Records drawn from a dataset:
□ □ □ □ □
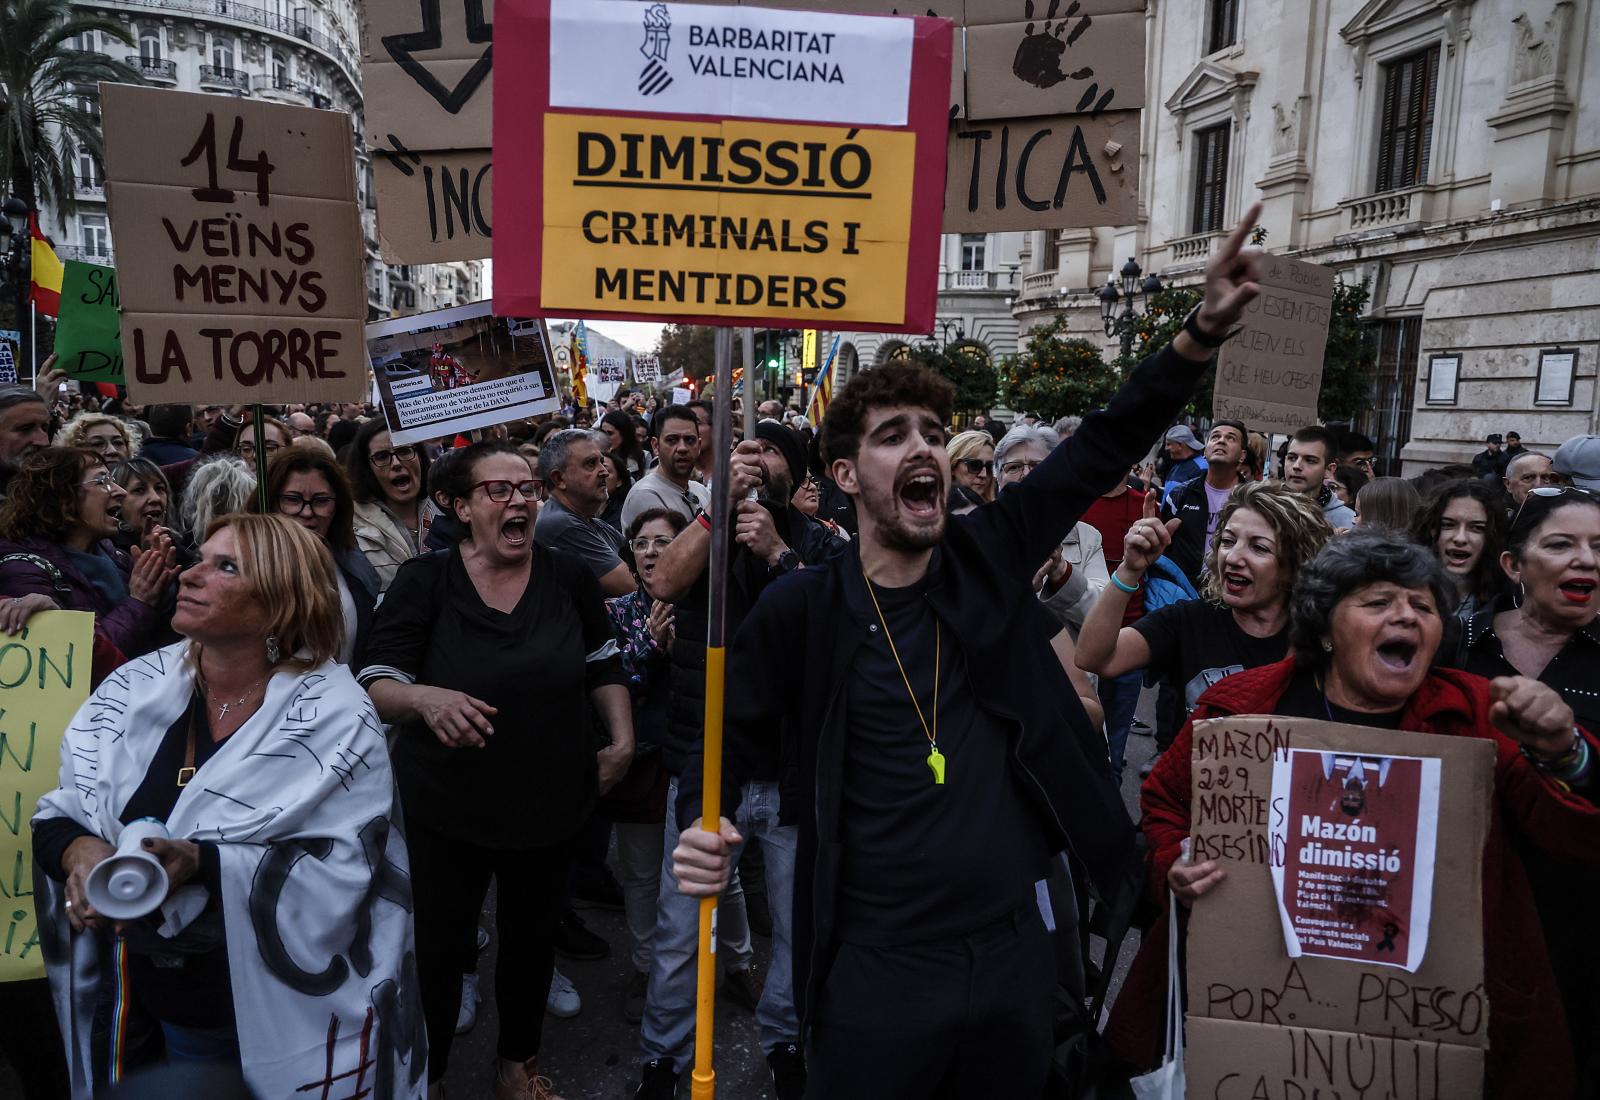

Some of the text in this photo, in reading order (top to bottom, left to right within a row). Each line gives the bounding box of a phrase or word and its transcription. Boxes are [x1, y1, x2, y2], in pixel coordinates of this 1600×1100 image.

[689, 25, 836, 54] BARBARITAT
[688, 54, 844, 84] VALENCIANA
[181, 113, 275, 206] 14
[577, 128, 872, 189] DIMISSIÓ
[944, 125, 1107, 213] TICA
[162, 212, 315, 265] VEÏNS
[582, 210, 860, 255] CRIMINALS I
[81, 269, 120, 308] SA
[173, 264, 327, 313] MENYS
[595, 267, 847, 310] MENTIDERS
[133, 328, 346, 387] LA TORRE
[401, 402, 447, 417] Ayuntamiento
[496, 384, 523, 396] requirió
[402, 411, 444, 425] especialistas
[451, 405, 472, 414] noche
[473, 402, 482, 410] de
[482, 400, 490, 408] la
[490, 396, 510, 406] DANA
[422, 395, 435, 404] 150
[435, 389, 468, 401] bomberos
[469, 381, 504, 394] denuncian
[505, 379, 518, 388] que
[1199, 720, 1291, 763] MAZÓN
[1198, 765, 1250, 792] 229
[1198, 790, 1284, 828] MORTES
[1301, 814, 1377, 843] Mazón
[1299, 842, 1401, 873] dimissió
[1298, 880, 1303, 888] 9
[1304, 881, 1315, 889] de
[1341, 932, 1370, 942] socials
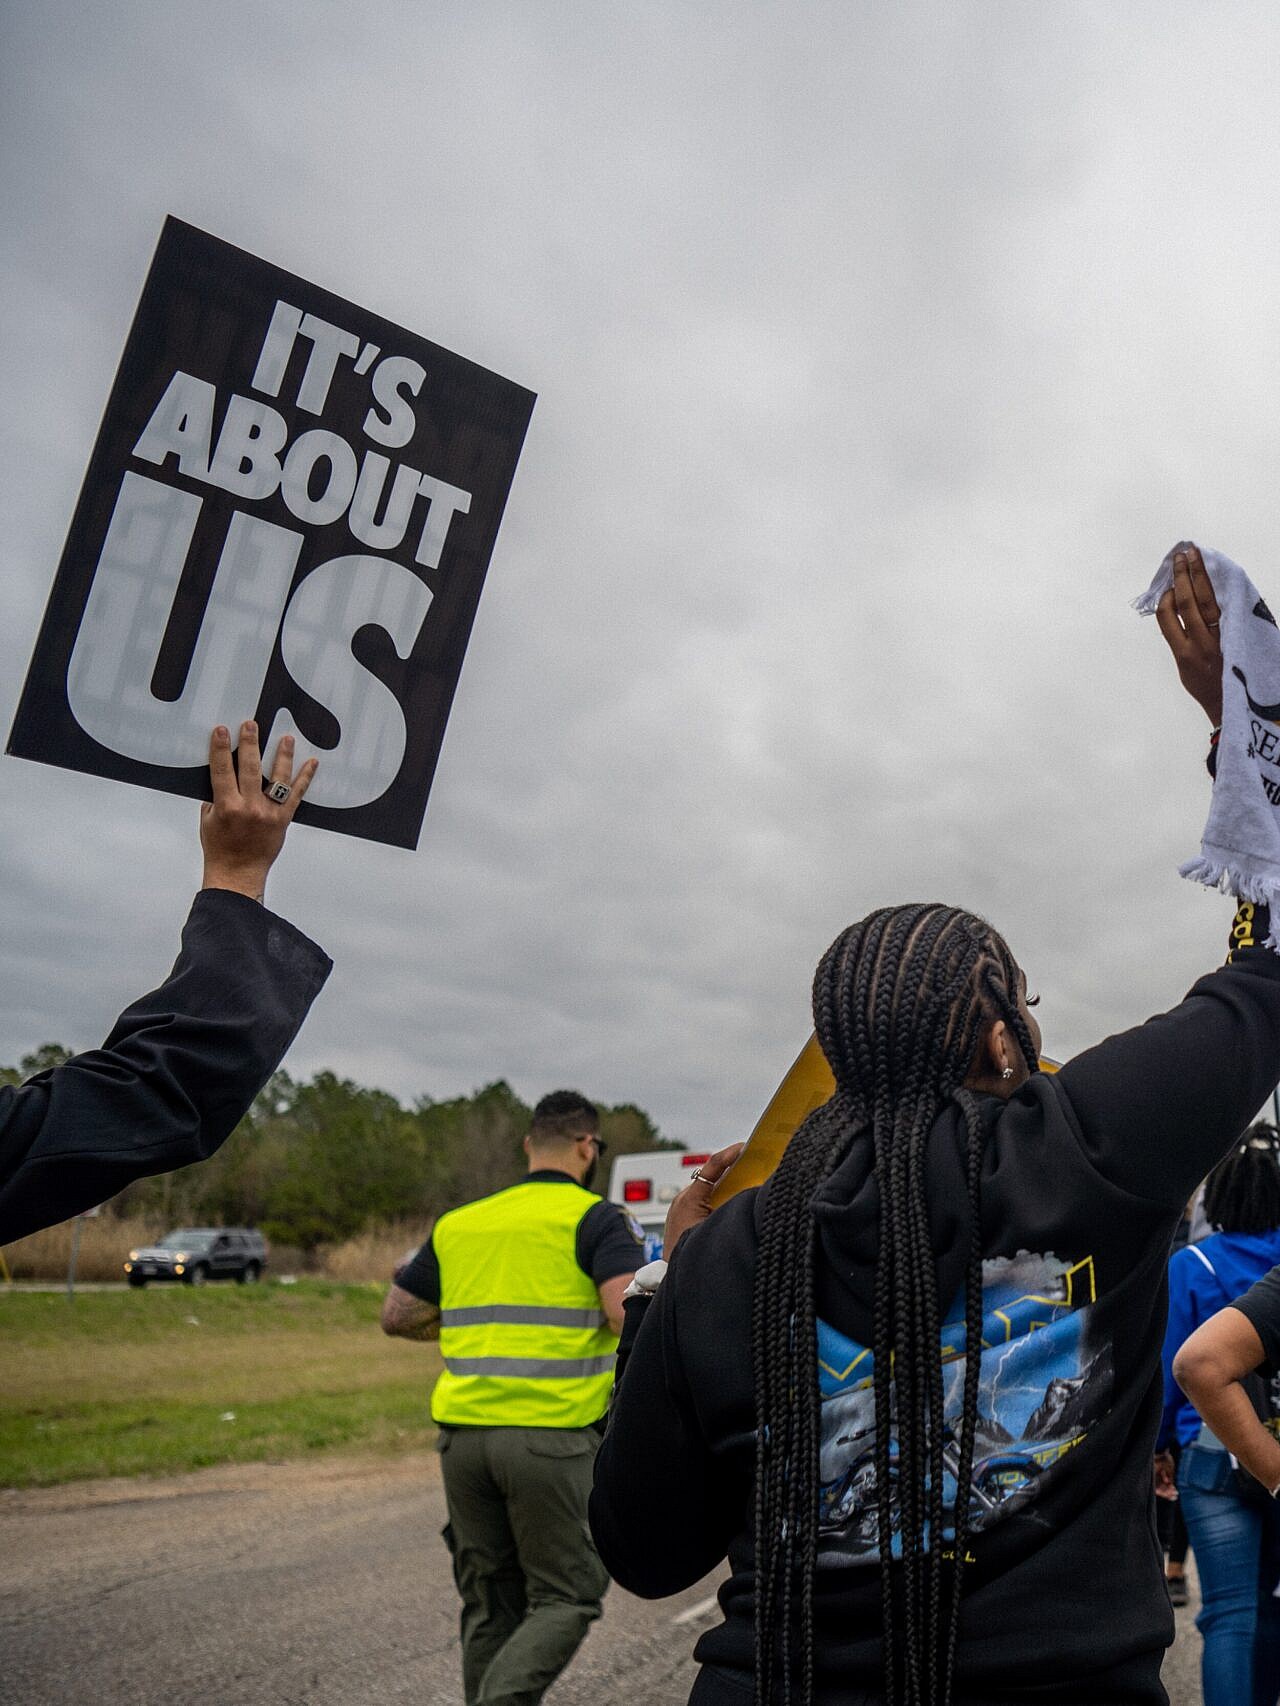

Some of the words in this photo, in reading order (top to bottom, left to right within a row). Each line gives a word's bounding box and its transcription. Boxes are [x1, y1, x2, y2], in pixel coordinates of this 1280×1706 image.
□ □ □ □ □
* _Exercise instructions_
Write out the data precisely as given, excluding the pictures.

* _Task solution_
Some of the text in this photo, in reading order (top to bottom, left to right within a row). Each line gives the bounding box of a phrase or word and its transcription. Boxes are [x1, y1, x2, y2], in pixel coordinates of this 1600×1100 image.

[689, 25, 836, 54] BARBARITAT
[688, 54, 844, 84] VALENCIANA
[181, 113, 275, 206] 14
[577, 128, 872, 189] DIMISSIÓ
[944, 125, 1107, 213] TICA
[162, 212, 315, 265] VEÏNS
[582, 210, 860, 255] CRIMINALS I
[81, 269, 120, 308] SA
[173, 264, 327, 313] MENYS
[595, 267, 847, 310] MENTIDERS
[133, 328, 346, 387] LA TORRE
[401, 402, 447, 417] Ayuntamiento
[496, 384, 523, 396] requirió
[402, 411, 444, 425] especialistas
[451, 405, 472, 414] noche
[473, 402, 482, 410] de
[482, 400, 490, 408] la
[490, 396, 510, 406] DANA
[422, 395, 435, 404] 150
[435, 389, 468, 401] bomberos
[469, 381, 504, 394] denuncian
[505, 379, 518, 388] que
[1199, 720, 1291, 763] MAZÓN
[1198, 765, 1250, 792] 229
[1198, 790, 1284, 828] MORTES
[1301, 814, 1377, 843] Mazón
[1299, 842, 1401, 873] dimissió
[1298, 880, 1303, 888] 9
[1304, 881, 1315, 889] de
[1341, 932, 1370, 942] socials

Some of the words in this photo, in reading order (top to bottom, left to right within a row). Each line gives a word's bounding box and its transcription. Boxes are [x1, y1, x2, y2], in pixel coordinates of this 1280×1706 image.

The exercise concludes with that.